### Assignment
An exact transcription of the entries is required, with no images included.

### Saved entries
-------
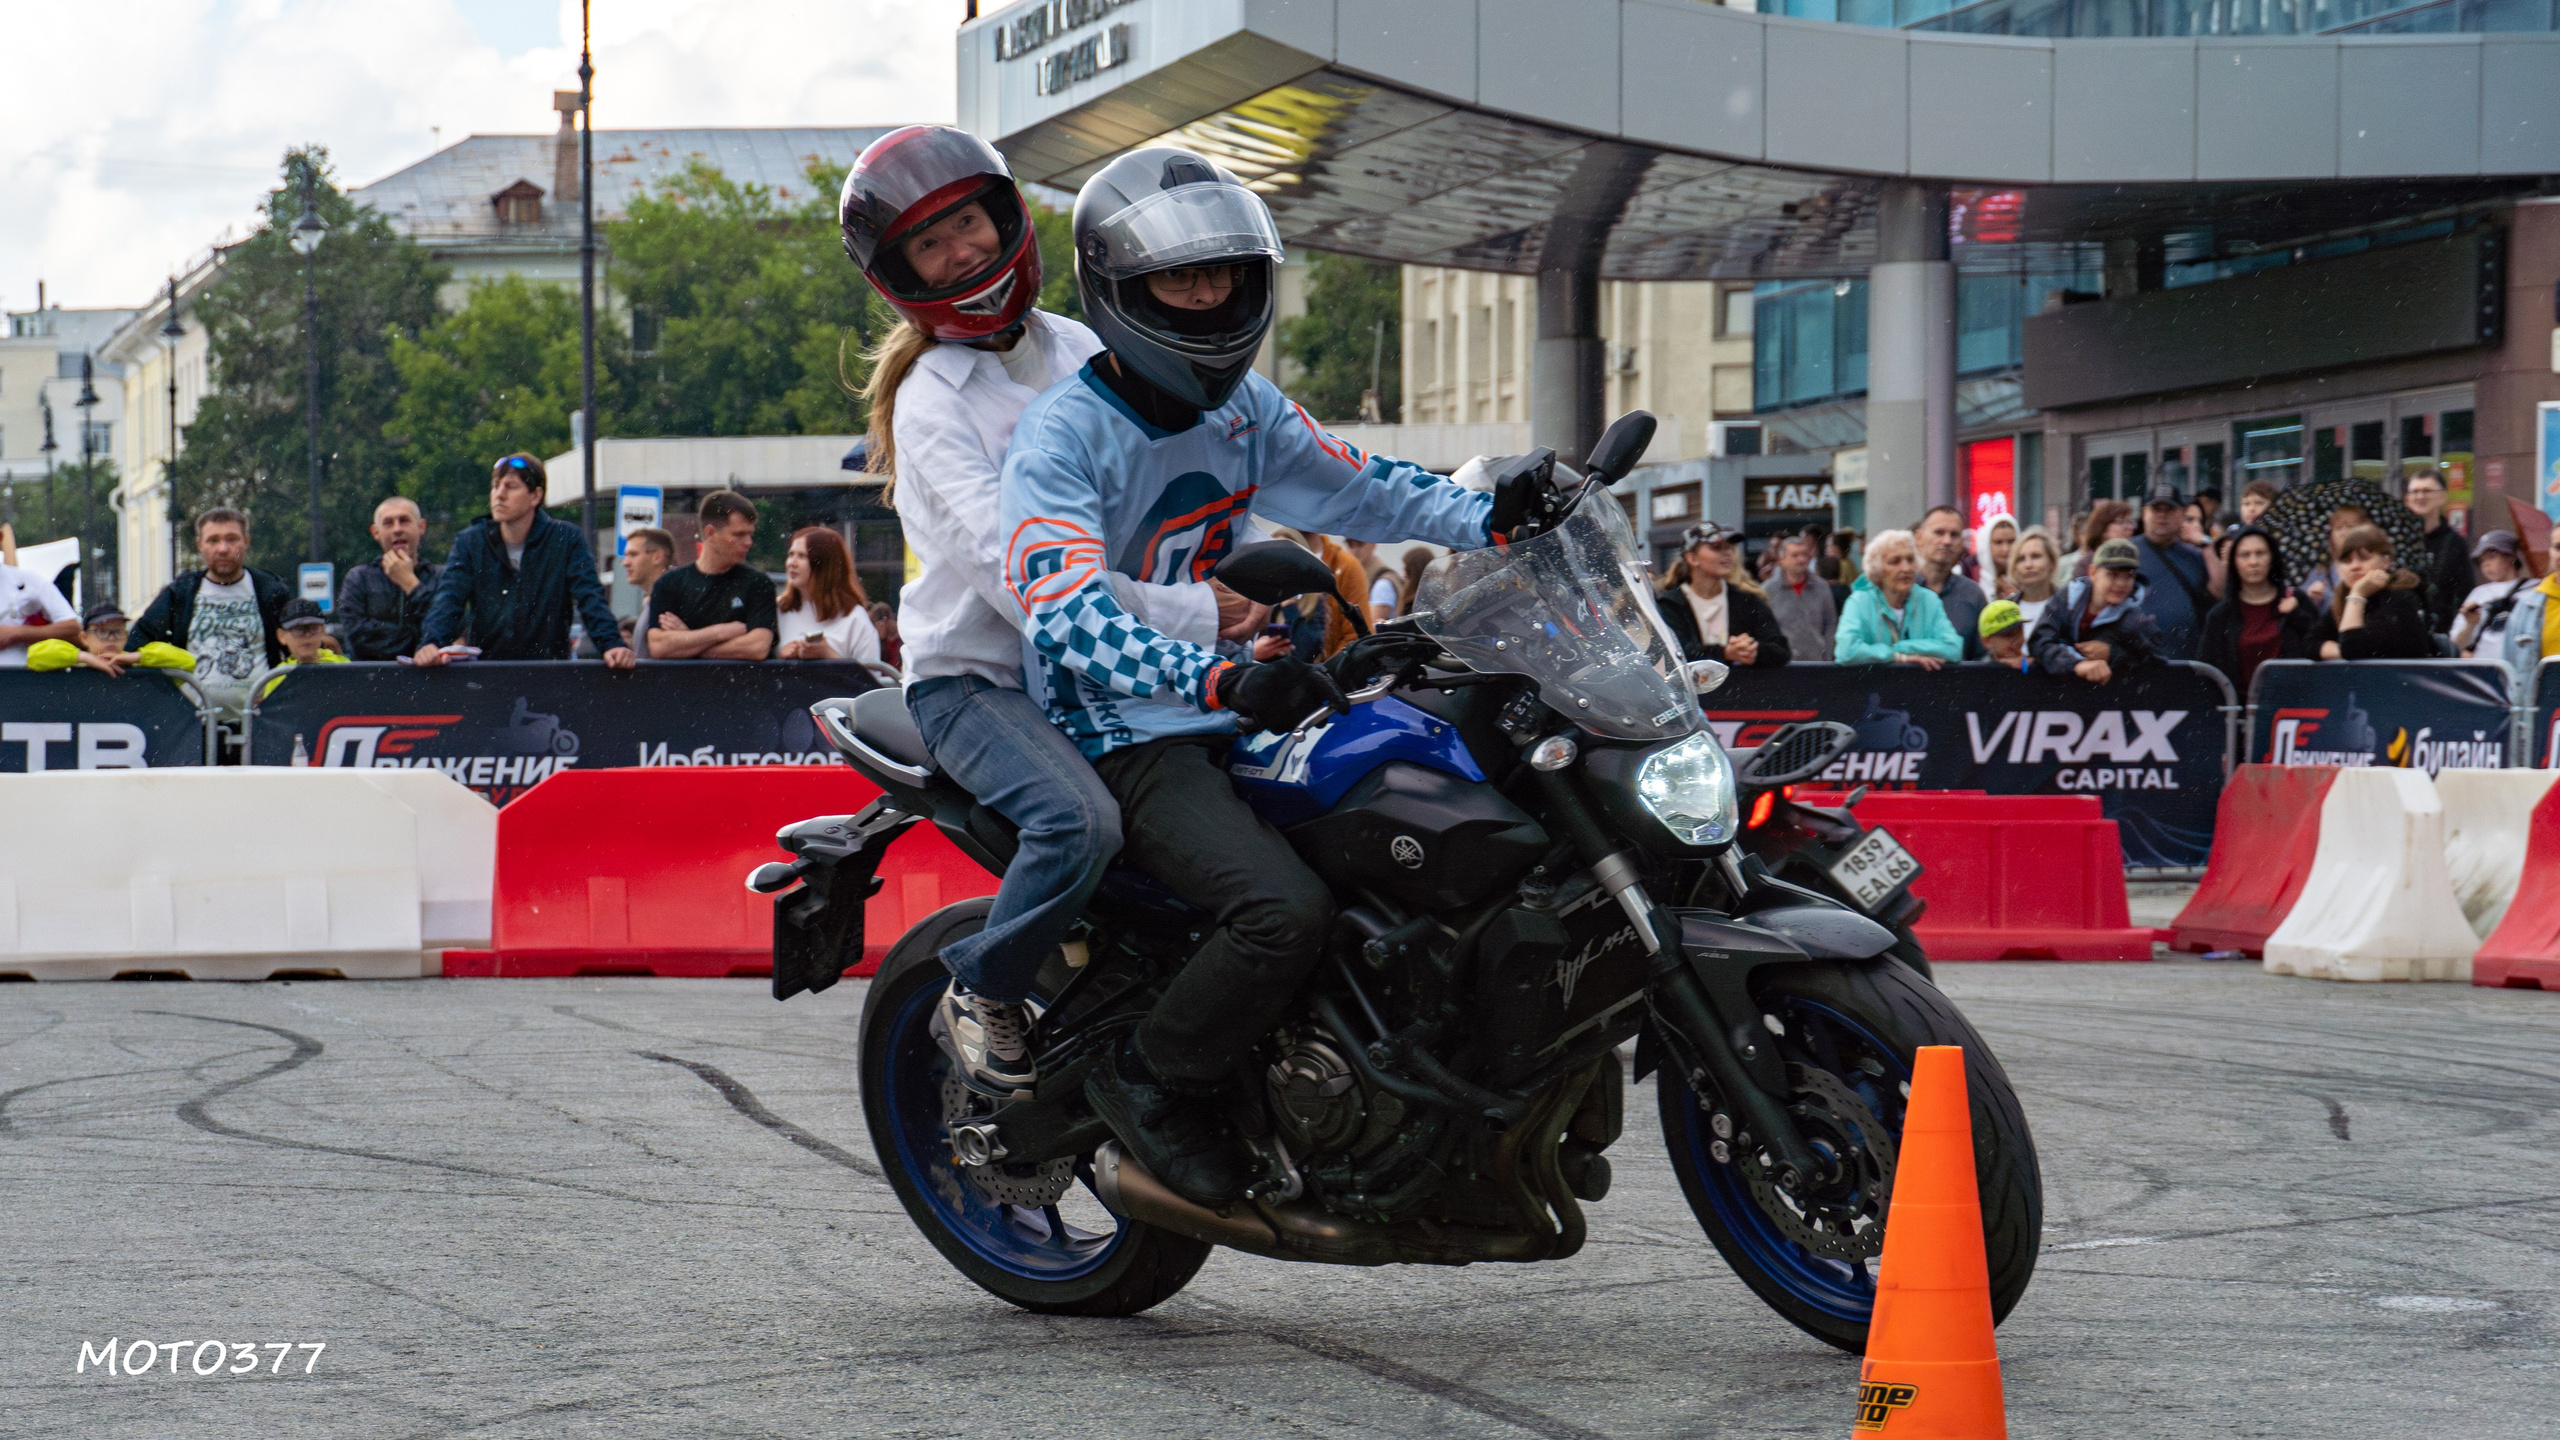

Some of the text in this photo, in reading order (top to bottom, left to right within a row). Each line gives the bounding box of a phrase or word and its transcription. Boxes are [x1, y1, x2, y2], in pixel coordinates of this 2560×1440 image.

[1965, 710, 2189, 764] VIRAX
[2056, 768, 2180, 789] CAPITAL
[1843, 839, 1884, 876] 1839
[1886, 856, 1911, 879] 66
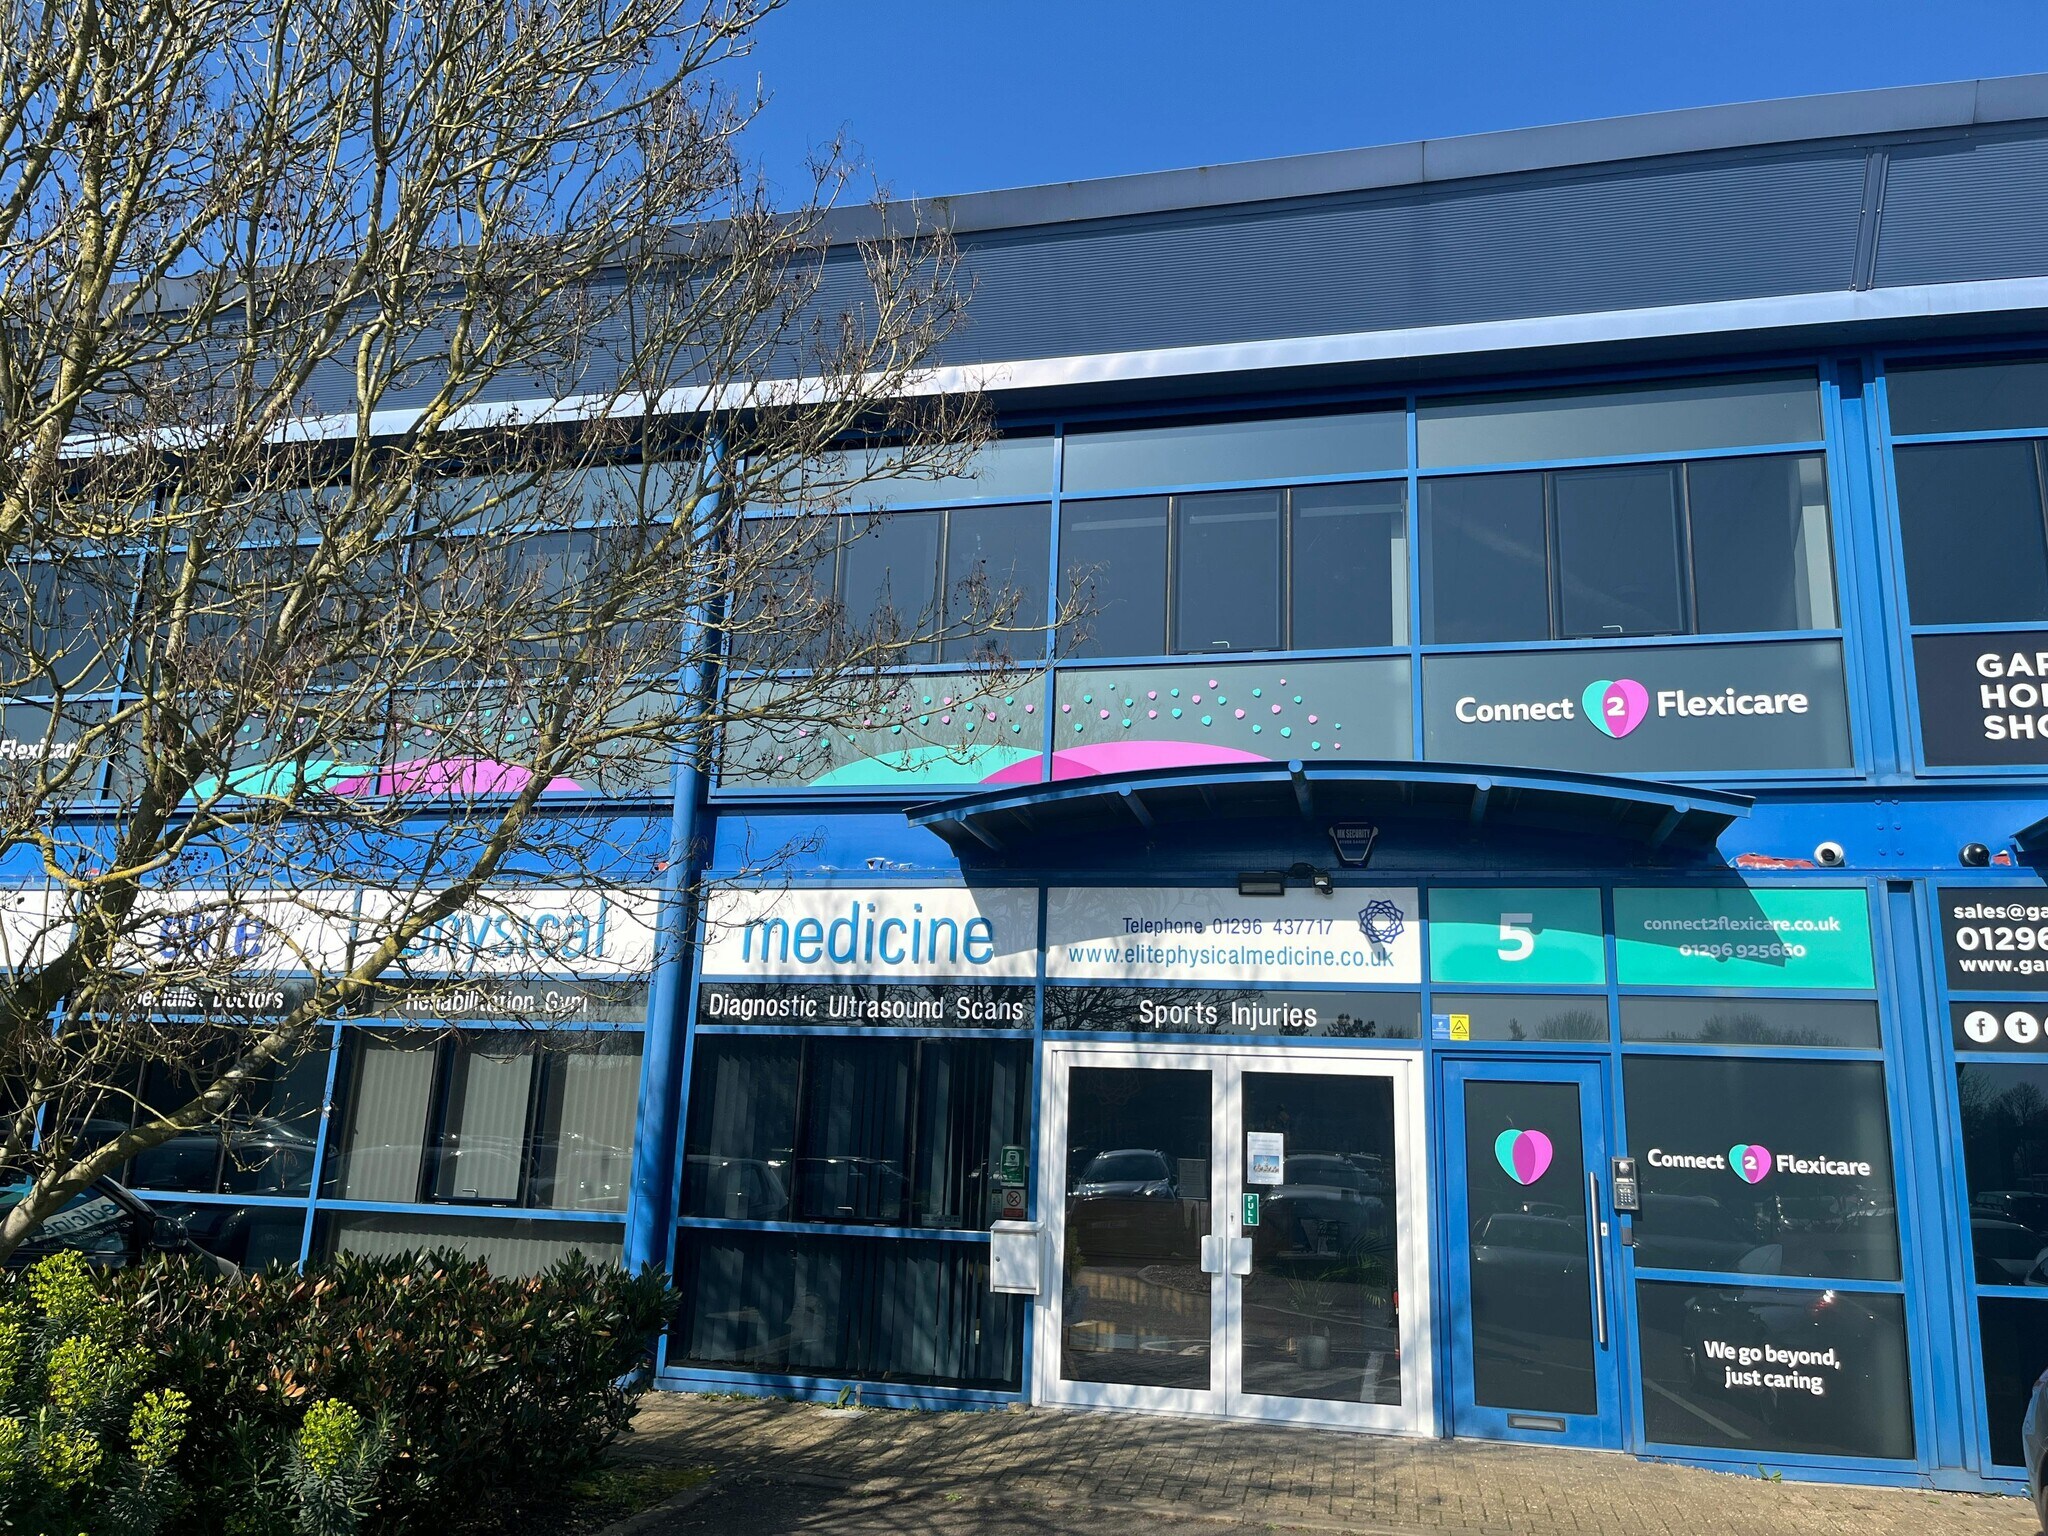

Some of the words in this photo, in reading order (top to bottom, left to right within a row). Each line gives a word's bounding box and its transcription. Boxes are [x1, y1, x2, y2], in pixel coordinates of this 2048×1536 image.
-------
### Response to this exercise
Some of the text in this photo, in reading order (top to bottom, left to right within a row). Each line gives the bounding box of a phrase or word and its transcription. Boxes are [x1, y1, x2, y2], in pixel coordinates of this 2560×1440 image.

[1965, 710, 2189, 764] VIRAX
[2056, 768, 2180, 789] CAPITAL
[1843, 839, 1884, 876] 1839
[1886, 856, 1911, 879] 66

Some of the words in this photo, in reading order (top to bottom, left to right within a row). Each line gives a word's bounding box and its transcription. Boxes are [x1, y1, x2, y2], in pixel coordinates of this 2048×1536 image.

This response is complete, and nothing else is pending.